Wednesday, 24 September 2014

Writing for your reader

Blimey, one month has passed. In that month I've moved house, written a load more of A Baby's Bones 2, received copies of book 2 in all its shiny blueness, received a copy of the Finnish version (also lovely!), struggled with depression and decorated two rooms in my house. Presently we have about 50% of our books on shelves, and the rest in the storage container. Everyone has a bed (at last) and the cats have explored every cupboard, under floorboard space and possible way to the outside. Normal life is starting to creep in. With it is a reminder to myself that I need to write first draft for me, then second and subsequent drafts for the reader.

I am surrounded by pretty talented writers at my local group, and some of them could and should be working their way up the publication ladder. The difference between me and some of them is the editing process is the need to switch from pleasing yourself to pleasing a reader who doesn't know your character inside out, who doesn't know what's going on in your head. 

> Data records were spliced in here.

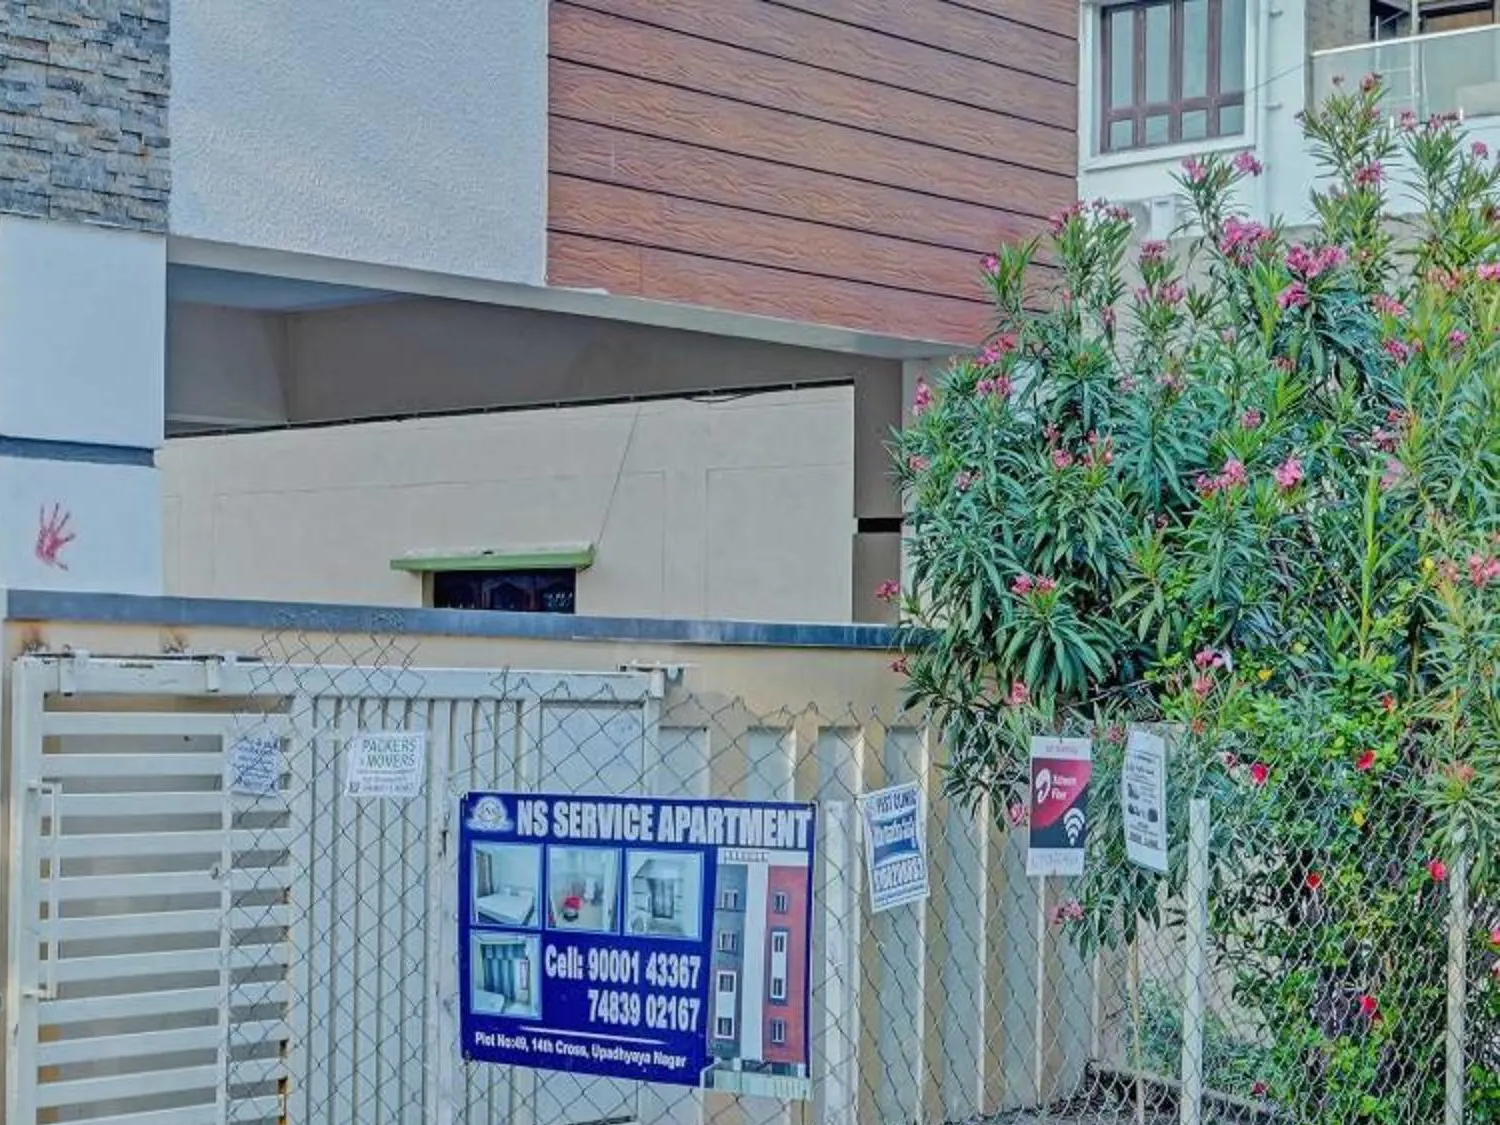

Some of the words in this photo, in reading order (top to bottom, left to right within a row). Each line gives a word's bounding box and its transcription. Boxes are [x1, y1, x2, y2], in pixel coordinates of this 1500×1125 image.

[517, 800, 548, 836] NS
[553, 802, 653, 842] SERVICE
[657, 805, 813, 849] APARTMENT
[545, 943, 584, 980] Cell:
[588, 948, 640, 985] 90001
[645, 952, 701, 989] 43367
[587, 989, 641, 1027] 74839
[645, 993, 701, 1032] 02167
[475, 1031, 496, 1047] Plot
[653, 1050, 687, 1070] Nagar
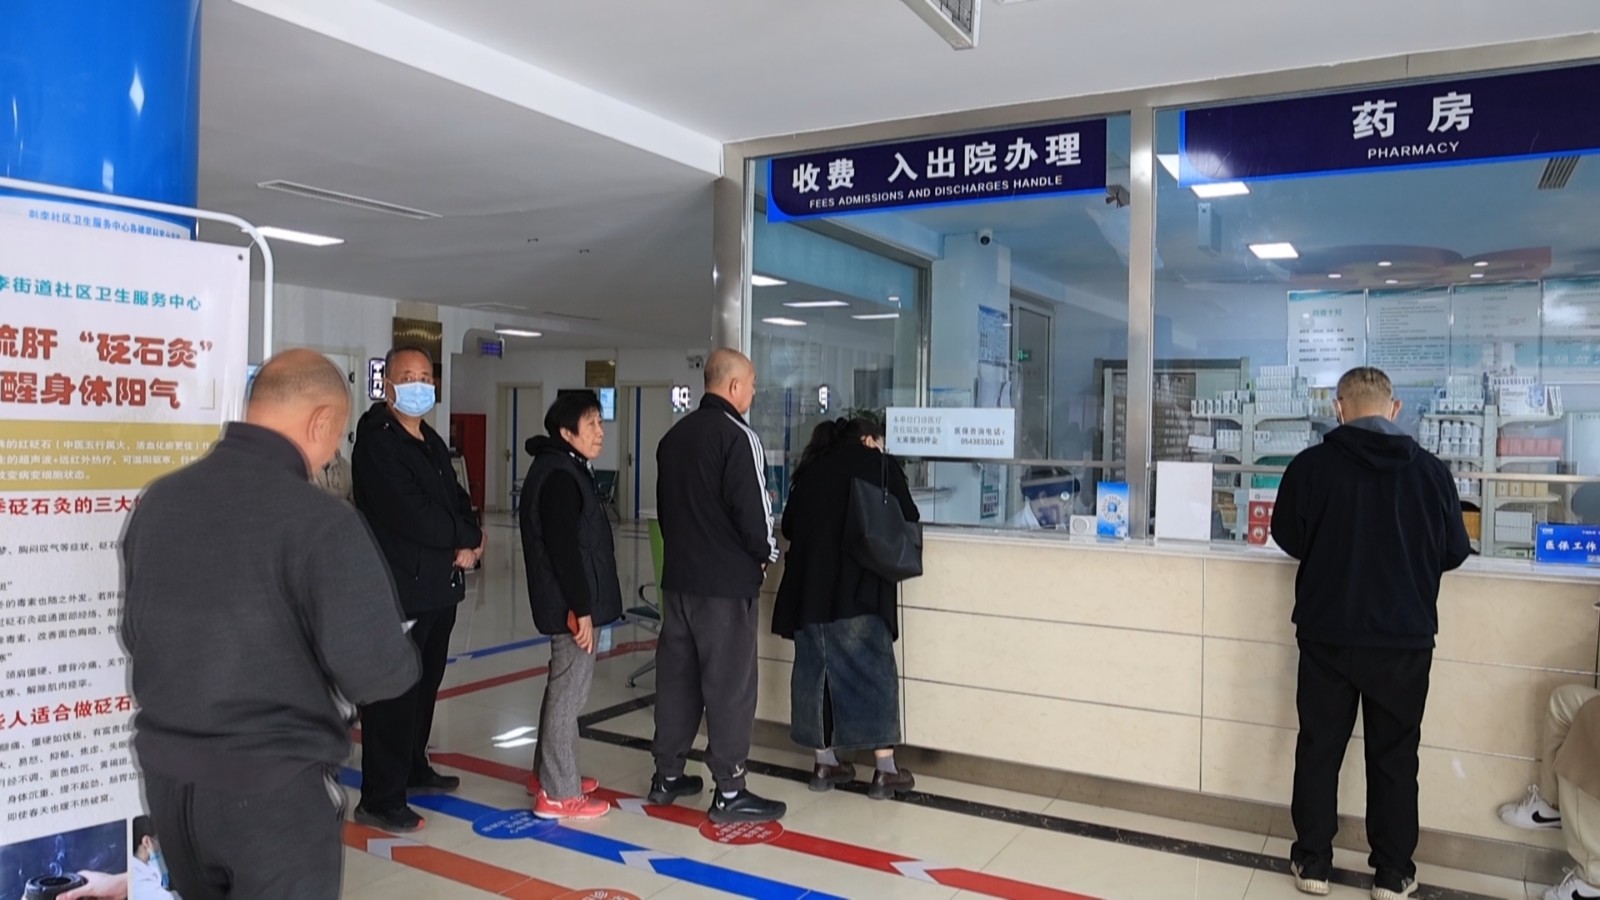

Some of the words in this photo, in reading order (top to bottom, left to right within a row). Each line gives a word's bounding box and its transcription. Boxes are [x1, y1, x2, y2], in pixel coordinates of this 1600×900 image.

[792, 158, 855, 193] 收费
[888, 132, 1081, 183] 入出院办理
[1368, 141, 1460, 159] PHARMACY
[809, 198, 835, 209] FEES
[838, 190, 904, 206] ADMISSIONS
[908, 187, 931, 198] AND
[935, 179, 1009, 197] DISCHARGES
[1013, 175, 1063, 189] HANDLE
[0, 371, 181, 409] 醒身体阳气
[0, 496, 141, 516] 砭石灸的三大

A classic mistake is introducing too many characters in the first chapter. To a reader that's just confusion waiting to happen, and if I am confused by a book, I put it down. That's compounded if I can't form a representation of the name in my head. A name from another culture, a made up name for fantasy or names that are too alike compounds the difficulty for the reader. I chose (it's a family name) Guichard for my male protagonist. That's Gee-shar to the French, Gwee-shar for the English. I ended up having to get Felix to pronounce it for his audience in book 1 - also for the reader. I had to do the same in book 2. It's my own fault, I should have gone with something less exotic. 

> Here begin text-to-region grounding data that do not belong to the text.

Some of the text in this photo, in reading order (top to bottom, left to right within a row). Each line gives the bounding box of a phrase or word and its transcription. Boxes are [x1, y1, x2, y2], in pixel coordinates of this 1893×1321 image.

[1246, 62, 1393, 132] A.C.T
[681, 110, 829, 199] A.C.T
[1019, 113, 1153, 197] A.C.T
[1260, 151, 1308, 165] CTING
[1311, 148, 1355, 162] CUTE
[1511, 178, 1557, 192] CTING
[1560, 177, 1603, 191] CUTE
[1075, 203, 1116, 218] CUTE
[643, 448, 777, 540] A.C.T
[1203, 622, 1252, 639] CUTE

I'm enjoying writing a book that isn't sold, it's a different kind of pressure. I'm writing more for me, while being open to changing it for an audience once they've been identified. But for now, I'm following Viola over the beautiful - but dangerous - landscape of sixteenth century Dartmoor.


  1. Interesting point about the pronunciation of names.

    I'm totally with you when it comes to making names distinct one from another, and making them readable off the page. I dislike long, multi-syllable names with apostrophes, hyphens and other symbols in them - something that happens all too often in fantasy - and I regularly abbreviate incomprehensible names. As to pronunciation, though, when asked, I always tell the reader that the correct pronunciation is the one he chooses to adopt. An example from the husband's books is his planet Gereon. He pronounces it with a hard 'G' and I pronounce it with a soft 'G'. There is no conflict.

    Would you mind terribly if a reader called your character Gwit-Chard? I rather doubt it. Smiles.

    1. You're right of course! I don't care how they read the names if they read the book. But I struggle with all those deliberately difficult to pronounce names - if I can't come up with a mental representation of the name I'll forget it!

  2. I'm glad everything's chugging along nicely for you, both with your writing and in the rest of your life!
    You describe the problems of too many characters very well. I know it's something I've always struggled with, even when I try to tone it down.
    Hope you're well and enjoying getting stuck in with your writing.